La République démocratique du Congo poursuit ses efforts pour améliorer son climat des affaires. Le pays a obtenu une note de 63,61 pour le pilier consacré au cadre réglementaire dans le cadre de l’évaluation 2025 du nouvel indicateur Business Ready (B-READY) de la Banque mondiale, qui remplace l’ancien classement Doing Business.
L’annonce a été faite vendredi par le ministre d’État, ministre du Plan, Guylain Nyembo, lors de la réunion ordinaire du Conseil des ministres.
Selon le ministre, ce résultat place la RDC au-dessus de plusieurs économies comparables et reflète les réformes engagées ces dernières années pour moderniser le cadre juridique régissant les activités économiques. Il a toutefois estimé que les principaux défis concernent désormais la mise en œuvre effective des textes adoptés ainsi que l’amélioration des pratiques administratives, afin de rendre ces réformes plus efficaces pour les opérateurs économiques.
Guylain Nyembo a indiqué que, dans la perspective de l’évaluation 2026, le comité de pilotage du groupe thématique B-READY a déjà validé une feuille de route comprenant plusieurs mesures prioritaires devant être mises en œuvre avant le 1er septembre 2026, date de clôture de la collecte des données de la Banque mondiale.
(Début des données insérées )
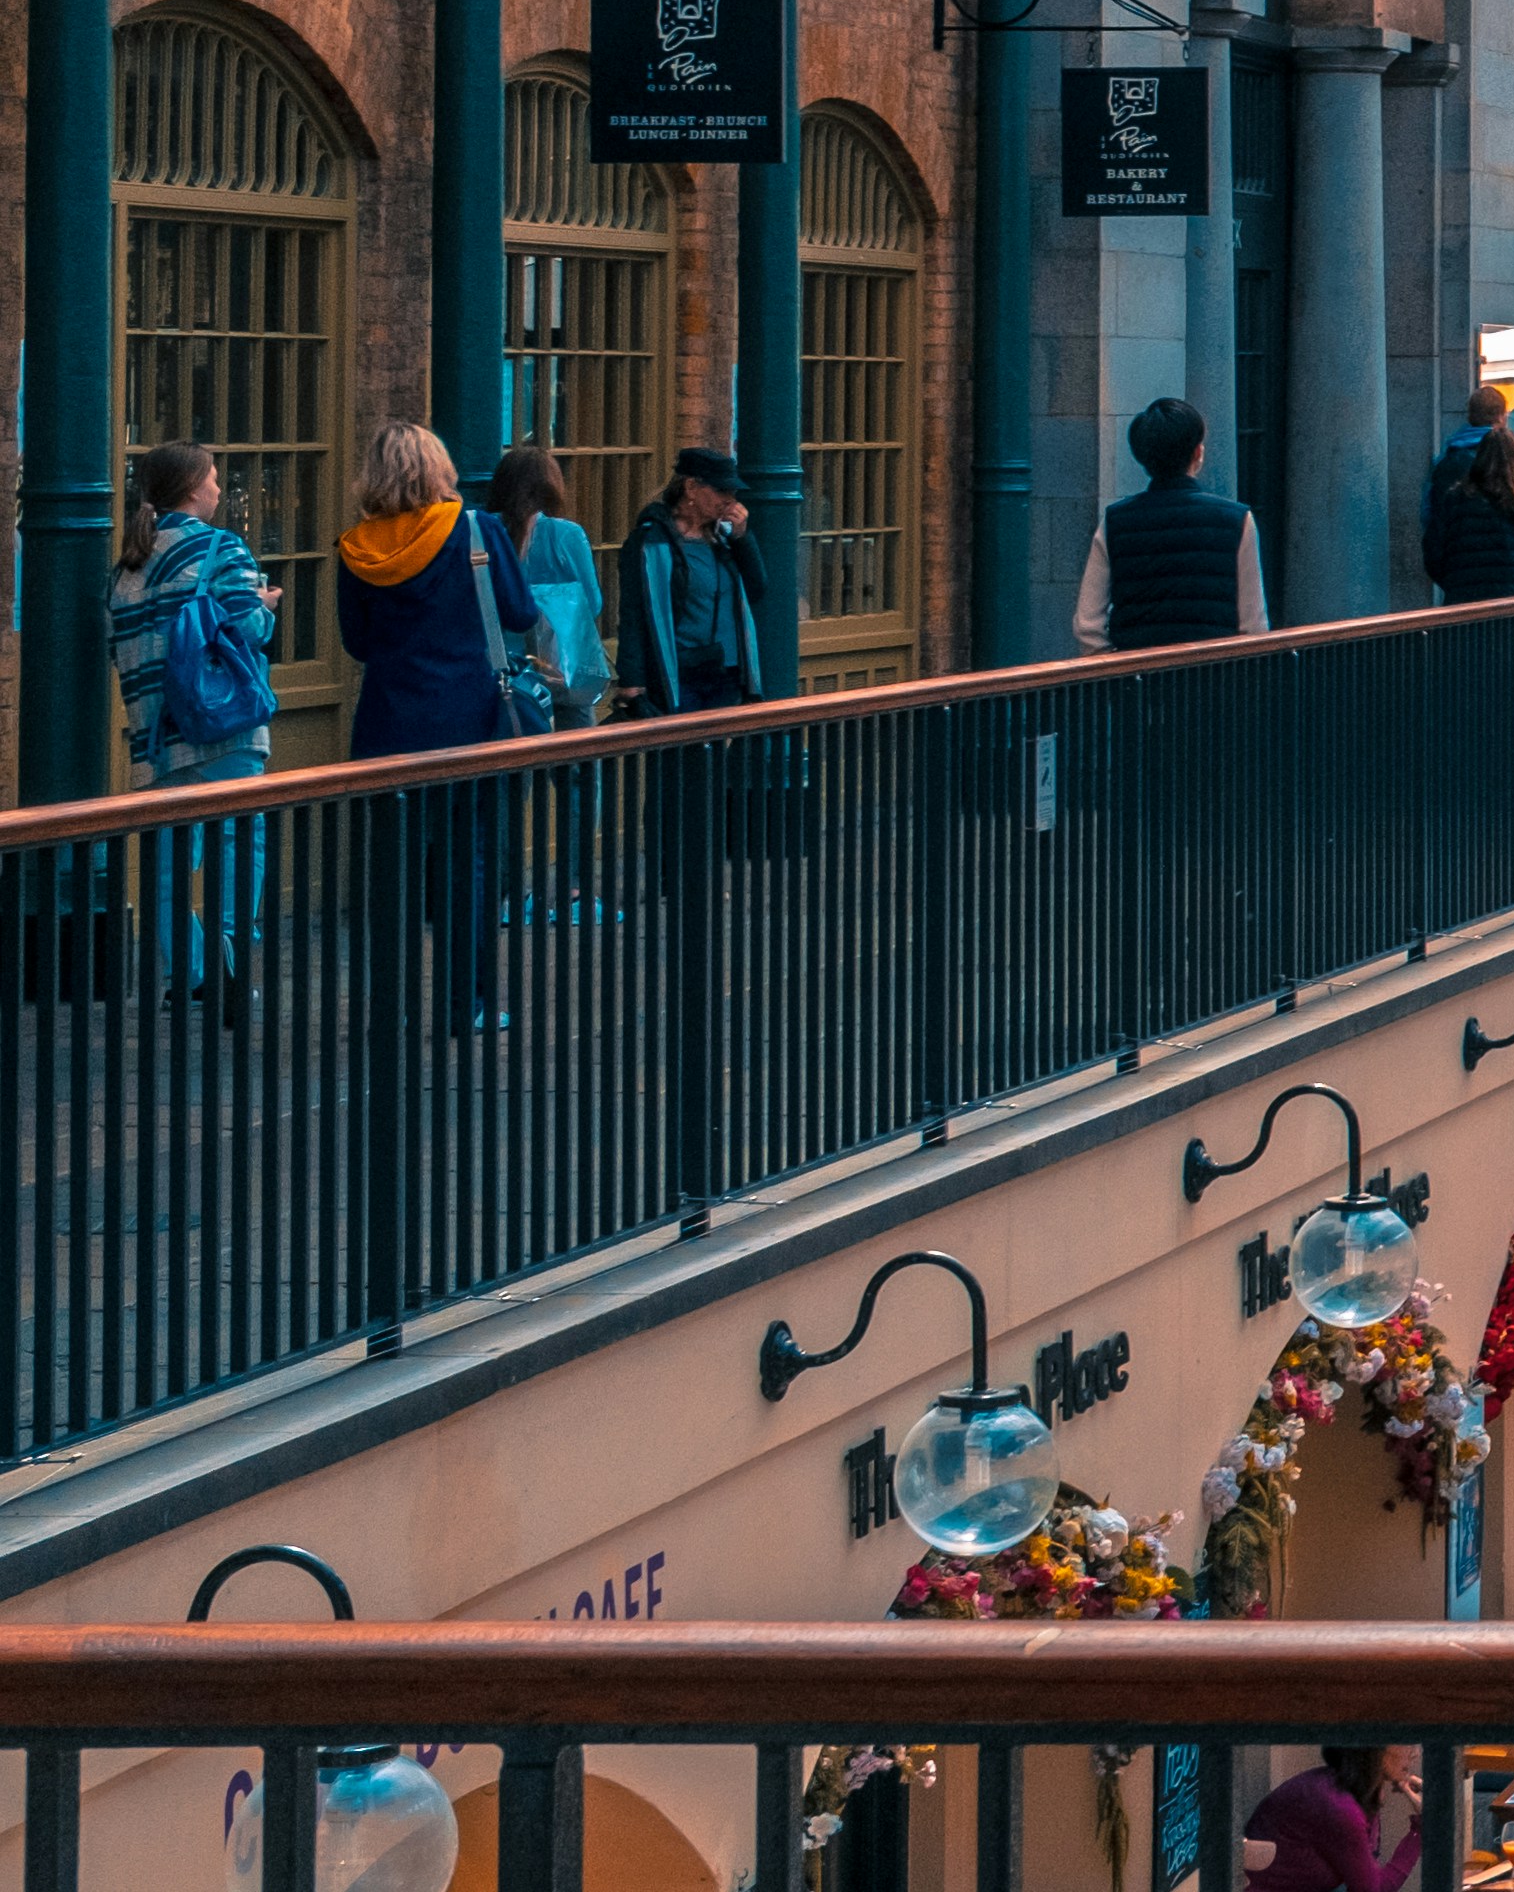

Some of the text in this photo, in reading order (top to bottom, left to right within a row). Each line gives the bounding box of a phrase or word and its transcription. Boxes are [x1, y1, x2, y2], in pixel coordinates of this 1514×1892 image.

Selon lui, ce document vise principalement à améliorer la qualité des services administratifs, à faciliter l’accès à l’information pour les usagers et à renforcer l’efficacité des administrations concernées.
Le ministre du Plan a également appelé à la mobilisation de l’ensemble du gouvernement autour de cette feuille de route afin d’améliorer le positionnement international de la RDC lors des prochaines évaluations, de renforcer la confiance des investisseurs, de soutenir le développement du secteur privé et d’accélérer la transformation structurelle de l’économie nationale.
Le nouvel indicateur Business Ready (B-READY) de la Banque mondiale remplace l’ancien rapport Doing Business. Il évalue le climat des affaires et de l’investissement privé à travers dix thématiques articulées autour de trois piliers : le cadre réglementaire, les services publics et l’efficacité opérationnelle. Plus d’une centaine d’économies sont actuellement couvertes par ce nouveau mécanisme d’évaluation.